It hardly needs to be said at this point, but we are living in strange times—and trying to navigate completely uncharted water. With a true global pandemic on the loose, the entire globe has essentially been shut down, and with it, large parts of the structure of our society—most notably our economy. This is a difficult time for both business owners and employees, and information is a bit murky on what happens next. Businesses are learning to operate while everyone is working from home, and many are suffering from a loss of profit. Unfortunately, we can’t control what’s going on right now, but business owners can find opportunity amongst the calamity.
You’ve heard about how to balance working on your business with working in your business—and you know how hard it can be to tilt from “in” to “on.” Well, this is your chance. We will get back to normal life eventually and the economy will rebound. Now is the time to make sure your business is ready to lead when it does. Use this time as an opportunity to not only make the improvements that have been on your plate for some time, but to take a closer look at your team and how it is structured.

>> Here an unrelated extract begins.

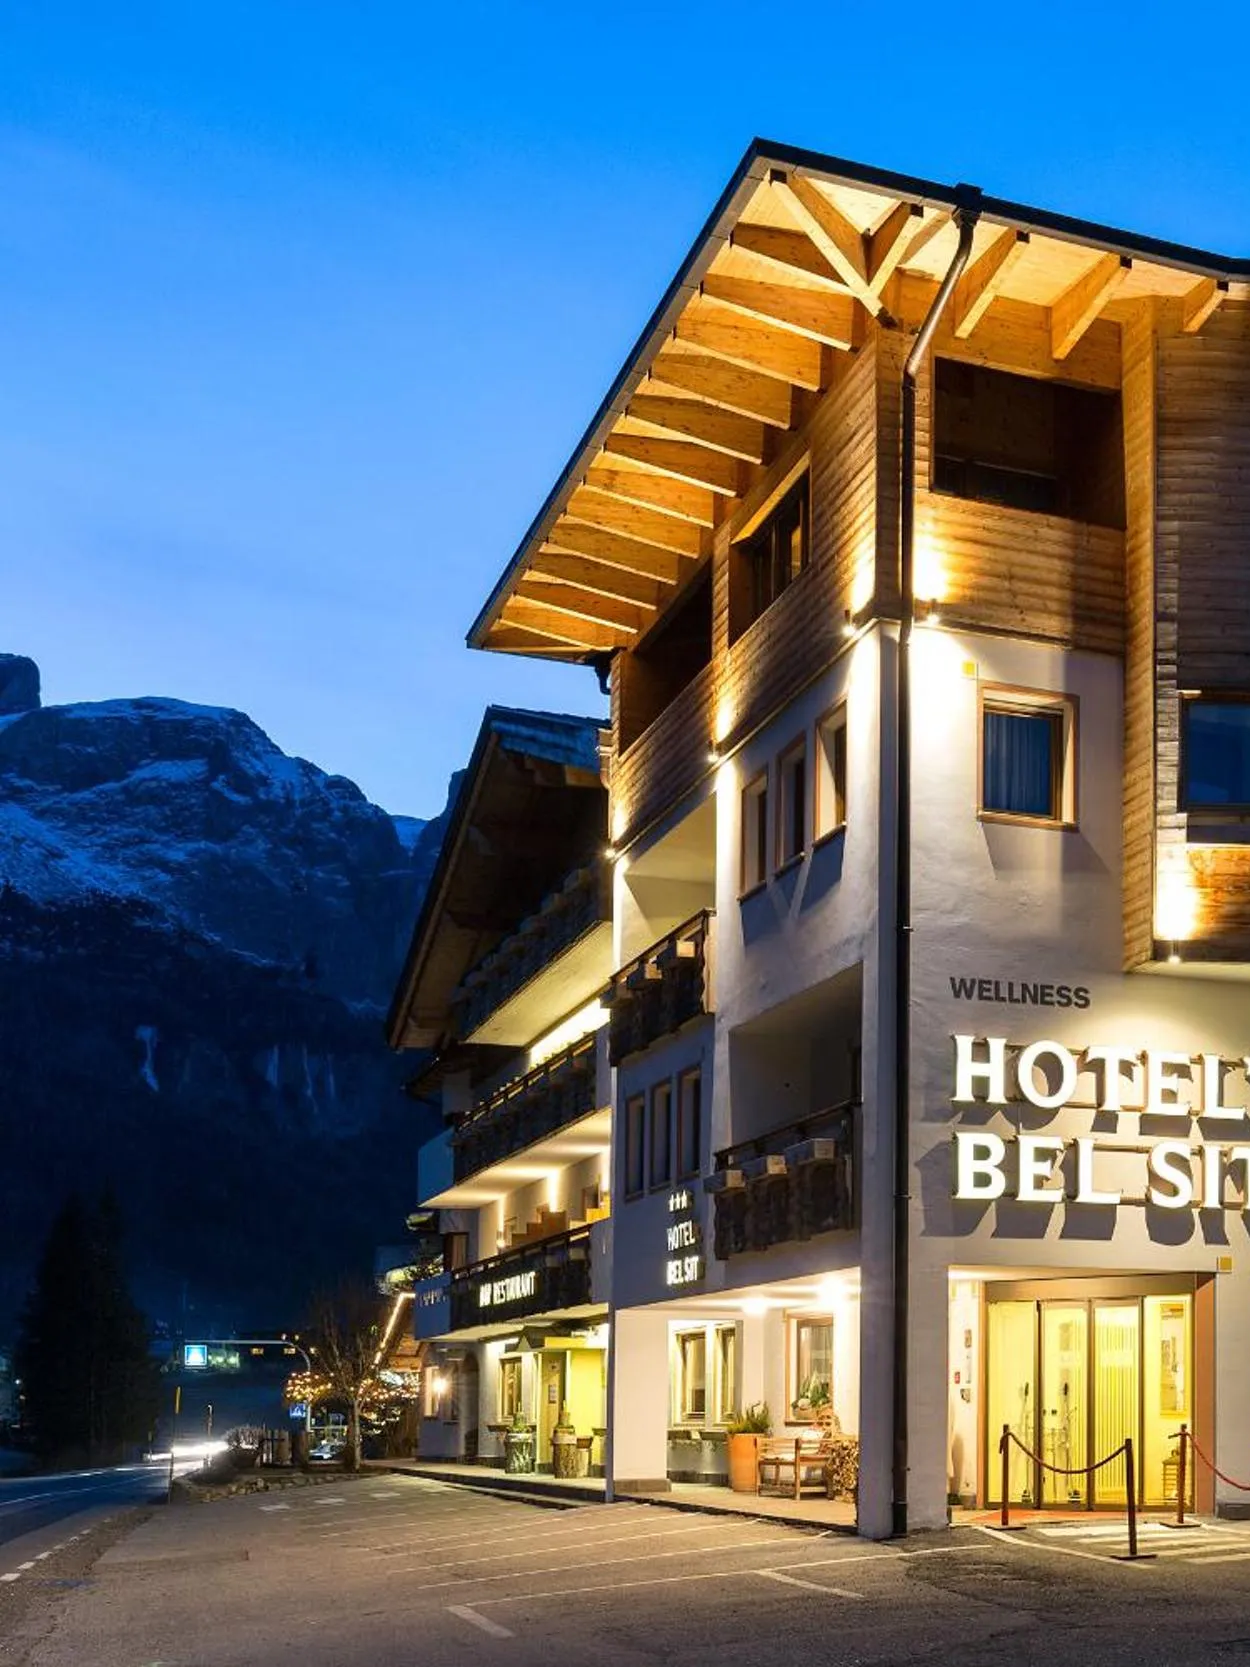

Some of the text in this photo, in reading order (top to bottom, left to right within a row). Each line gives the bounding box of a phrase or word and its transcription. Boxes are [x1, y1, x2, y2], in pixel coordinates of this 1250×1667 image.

This can be a very revealing time for your team. How are they handling adverse circumstances? Are those in leadership position leading effectively? Are there unlikely employees emerging as leaders in time of crisis? See who stacks up when the chips are down and use that information to reconstruct your team and ensure that everyone is in the right role. On the strategy side, take this time to lay out a vision for your company in a post-COVID-19 world. Make the changes you’ve been meaning to make and get a fresh perspective that will guide you forward.
Once you’ve decided on the way forward, it’s time to put the plan into action. Whether that means right away or whenever we’re “back to normal,” you must lead your team through the change—and you must have a change management plan to do so. Change management is as much emotional as it is informational. Successful change management requires leaders who are willing to learn and engage. Research in the field of the psychology of change management suggests that four basic conditions have to be met before employees will positively embrace change in their thinking and behavior:
A Compelling Story
People must see the point of change. Make sure you communicate why changes are being made and do it in an inspiring manner. Tell a great story! The aim isn’t just to get your team ready—it’s to get them excited.
Changes in your business mean changes in behavior from your employees. Whatever that looks like in your business, you must show, not tell, employees what the new expectations are. People learn by seeing others do the same. Make sure they see colleagues they admire modeling the desired behavior.
Your employees won’t realistically pick up new processes and behaviors after a couple of meetings. It takes practice, practice, practice. Implement surrounding structures, systems, processes and incentives that reinforce the new way of doing things.
The Skills Required for Change
Your employees must possess the skills to do what is required of them. Resiliency is a key personality trait here. If some of your employees are struggling with change, consider bringing in an outside change management specialist.
An effective Change Management Program must incorporate all of these behavioral principles in order to successfully redefine the scope and responsibilities necessary during this transformational process. You must authentically embrace the necessary changes and incorporate behavioral principles that will drive success for your change management plan.
There’s no denying that both people and businesses are struggling right now. There’s not much you can do about that. What you can do is prepare your business and your employees to come out the other side ready to win. No one truly knows how long this will last—but figuring out what your company will be when it does end should be your first priority.